Data for processing:
%%

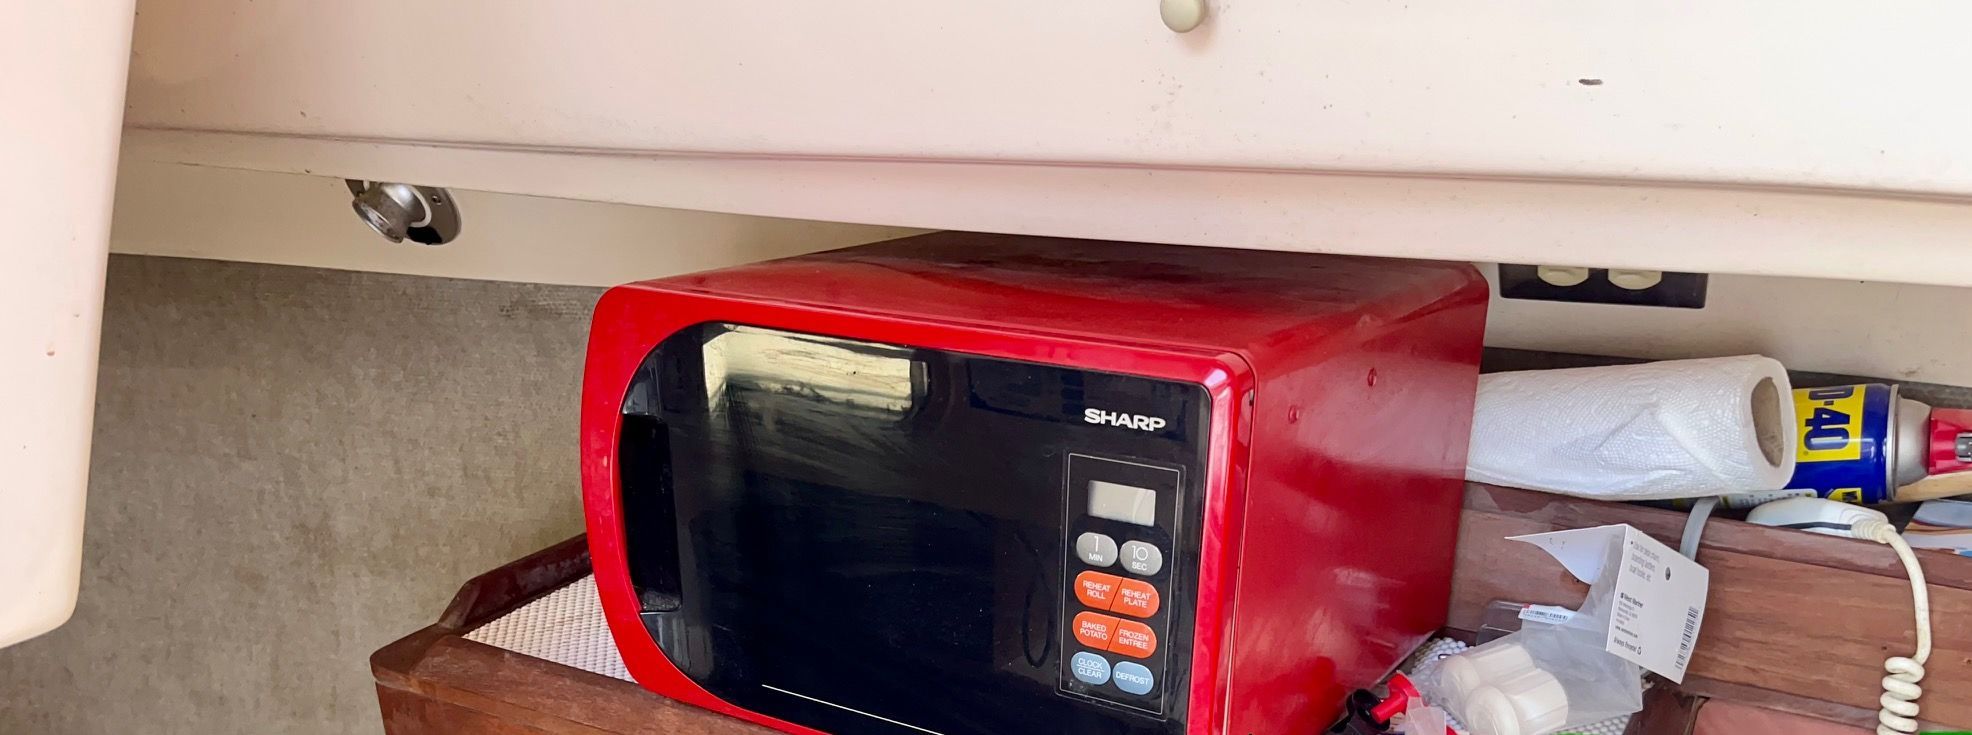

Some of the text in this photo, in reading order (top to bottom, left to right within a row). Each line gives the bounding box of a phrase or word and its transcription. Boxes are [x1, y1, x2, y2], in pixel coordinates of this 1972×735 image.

[1084, 408, 1166, 431] SHARP
[1094, 535, 1099, 552] 1
[1088, 552, 1103, 562] MIN
[1132, 545, 1148, 560] 10
[1131, 561, 1148, 571] SEC
[1082, 580, 1111, 591] REHEAT
[1086, 589, 1106, 599] ROLL
[1121, 588, 1151, 600] REHEAT
[1123, 597, 1148, 608] PLATE
[1081, 621, 1106, 632] BAKED
[1080, 628, 1107, 640] POTATO
[1119, 629, 1149, 641] FROZEN
[1118, 637, 1148, 649] ENTREE
[1078, 657, 1103, 669] CLOCK
[1077, 667, 1102, 678] CLEAR
[1115, 671, 1149, 685] DEFROST

%%

What to produce:
The answer must be the data above, repeated exactly, with no pictures.

Written solution:
Some of the text in this photo, in reading order (top to bottom, left to right within a row). Each line gives the bounding box of a phrase or word and its transcription. Boxes are [x1, y1, x2, y2], in pixel coordinates of this 1972×735 image.

[1084, 408, 1166, 431] SHARP
[1094, 535, 1099, 552] 1
[1088, 552, 1103, 562] MIN
[1132, 545, 1148, 560] 10
[1131, 561, 1148, 571] SEC
[1082, 580, 1111, 591] REHEAT
[1086, 589, 1106, 599] ROLL
[1121, 588, 1151, 600] REHEAT
[1123, 597, 1148, 608] PLATE
[1081, 621, 1106, 632] BAKED
[1080, 628, 1107, 640] POTATO
[1119, 629, 1149, 641] FROZEN
[1118, 637, 1148, 649] ENTREE
[1078, 657, 1103, 669] CLOCK
[1077, 667, 1102, 678] CLEAR
[1115, 671, 1149, 685] DEFROST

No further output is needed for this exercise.